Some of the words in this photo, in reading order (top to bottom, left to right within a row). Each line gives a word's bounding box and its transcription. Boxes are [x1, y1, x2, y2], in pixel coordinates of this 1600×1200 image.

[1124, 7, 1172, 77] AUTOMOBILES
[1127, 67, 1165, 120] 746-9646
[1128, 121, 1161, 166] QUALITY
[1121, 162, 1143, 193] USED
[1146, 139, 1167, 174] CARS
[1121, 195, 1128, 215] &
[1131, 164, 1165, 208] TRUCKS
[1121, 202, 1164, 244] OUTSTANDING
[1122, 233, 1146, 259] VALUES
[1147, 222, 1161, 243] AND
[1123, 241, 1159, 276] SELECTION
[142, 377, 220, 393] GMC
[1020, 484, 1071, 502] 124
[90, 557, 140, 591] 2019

*PROBLEM REQUIREMENTS:* Output the whole listing exactly as given.

*TASK OUTPUT:*
Some of the words in this photo, in reading order (top to bottom, left to right within a row). Each line gives a word's bounding box and its transcription. Boxes are [x1, y1, x2, y2], in pixel coordinates of this 1600×1200 image.

[1124, 7, 1172, 77] AUTOMOBILES
[1127, 67, 1165, 120] 746-9646
[1128, 121, 1161, 166] QUALITY
[1121, 162, 1143, 193] USED
[1146, 139, 1167, 174] CARS
[1121, 195, 1128, 215] &
[1131, 164, 1165, 208] TRUCKS
[1121, 202, 1164, 244] OUTSTANDING
[1122, 233, 1146, 259] VALUES
[1147, 222, 1161, 243] AND
[1123, 241, 1159, 276] SELECTION
[142, 377, 220, 393] GMC
[1020, 484, 1071, 502] 124
[90, 557, 140, 591] 2019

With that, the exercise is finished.